Title: Subterranean sympatry: An investigation into diet using stable isotope analysis
Authors: Robb, GN
Woodborne, S
Bennett, NC
Keywords: Stable isotope analysis
Mole-rat species
Isotope modelling
Isotope composition
Dietary composition
Subterranean sympatry
Issue Date: Nov-2012
Publisher: Public Library of Science
Citation: Robb, GN, Woodborne, S and Bennett, NC. 2012. Subterranean sympatry: An investigation into diet using stable isotope analysis. Plos One Journal, vol. 7(11), pp10
Series/Report no.: Workflow;9842
Abstract: In the Western Cape three species of mole-rat occur in sympatry, however, little is known about differences in their dietary preferences. Dietary composition of the three species; the common mole-rat (Cryptomys hottentotus hottentotus), the Cape mole-rat (Georychus capensis) and the Cape dune mole-rat (Bathyergus suillus) were examined using stable isotope analysis. Blood, fur and claw samples were collected from 70 mole-rats, in addition to several potential food items, to assess food selection of the three species under natural conditions. Overall there was a significant difference in the isotopic composition (d13C and d15N) between all three species and significant differences in their diet composition. There were also significant differences between tissues in all three species suggesting temporal variation in diet. The small size and colonial lifestyle of C. h. hottentotus allows it to feed almost 100% on bulbs, while the solitary and larger species G. capensis and B. suillus fed to a greater extent on other resources such as grasses and clover.
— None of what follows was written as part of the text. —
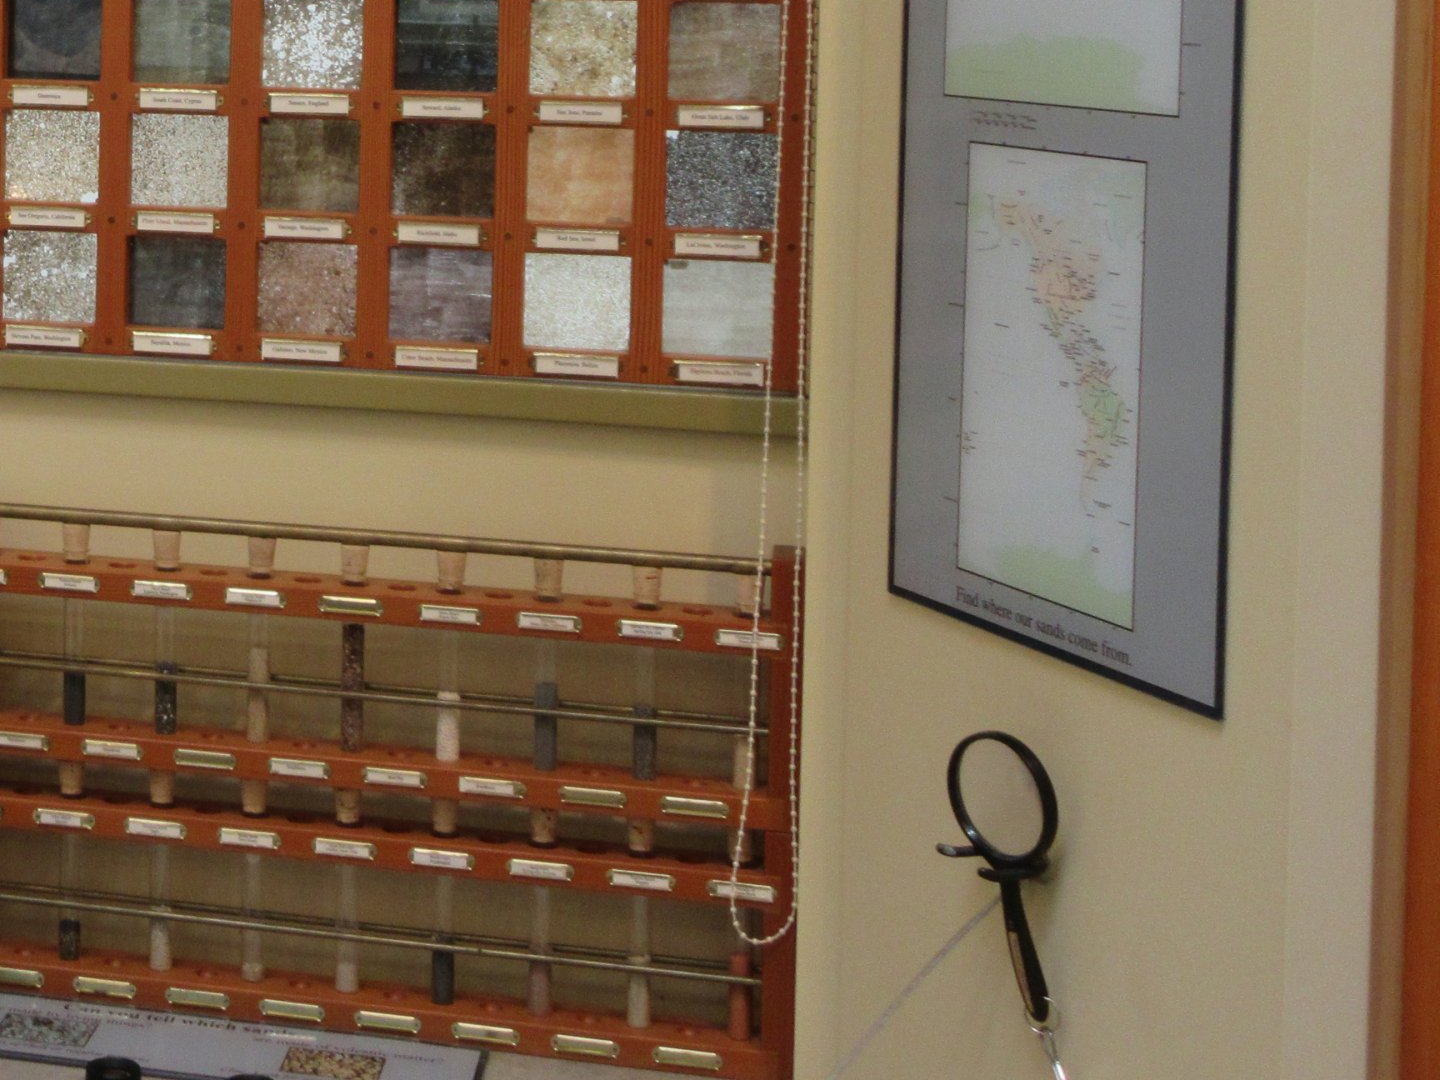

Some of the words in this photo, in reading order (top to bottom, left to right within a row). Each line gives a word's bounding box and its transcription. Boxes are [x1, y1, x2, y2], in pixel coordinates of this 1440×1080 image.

B. suillus, the largest of the species, had the most generalized diet. However, overall all species relied most heavily upon geophytes and consumed the same species suggesting competition for resources could exist. We also showed a high level of individual variation in diet choices. This was most pronounced in B. suillus and G. capensis and less so in C. h. hottentotus. We demonstrate that stable isotope analysis can successfully be applied to examine dietary patterns in subterranean mammals and provide insights into foraging patterns and dietary variation at both the inter and intra population level.
Description: Copyright: 2012 Robb et al. This is an open-access article distributed under the terms of the Creative Commons Attribution License, which permits unrestricted use, distribution, and reproduction in any medium, provided the original author and source are credited.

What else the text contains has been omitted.